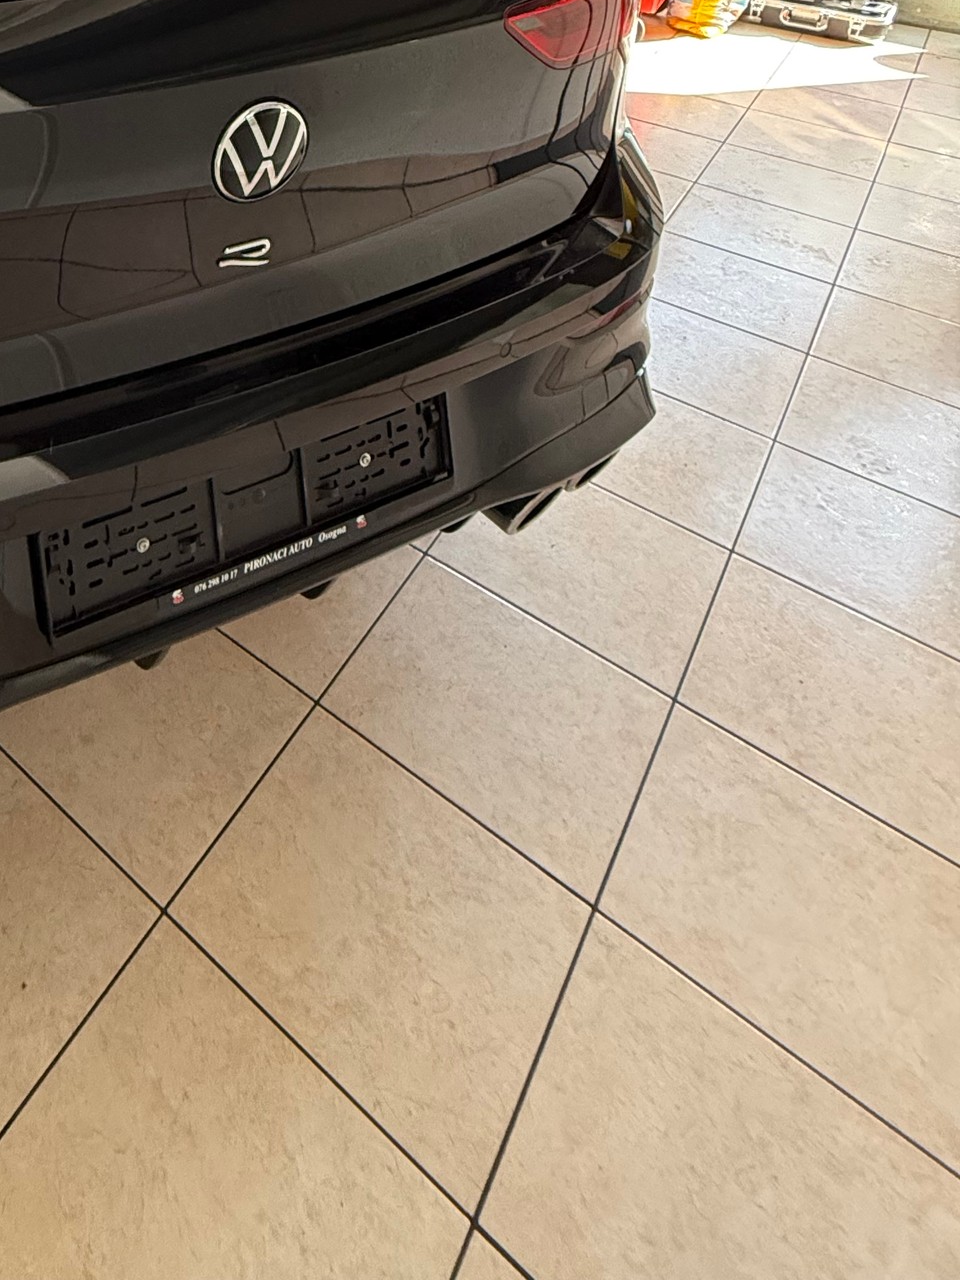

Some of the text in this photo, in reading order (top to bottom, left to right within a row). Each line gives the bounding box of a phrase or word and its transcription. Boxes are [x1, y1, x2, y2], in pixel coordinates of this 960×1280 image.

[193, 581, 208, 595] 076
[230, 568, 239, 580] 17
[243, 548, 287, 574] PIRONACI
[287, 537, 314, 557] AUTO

### Work instructions
Please transcribe all of the entries word for word, with the pictures left out.

### Result below
Some of the text in this photo, in reading order (top to bottom, left to right within a row). Each line gives the bounding box of a phrase or word and its transcription. Boxes are [x1, y1, x2, y2], in pixel coordinates of this 960×1280 image.

[193, 581, 208, 595] 076
[230, 568, 239, 580] 17
[243, 548, 287, 574] PIRONACI
[287, 537, 314, 557] AUTO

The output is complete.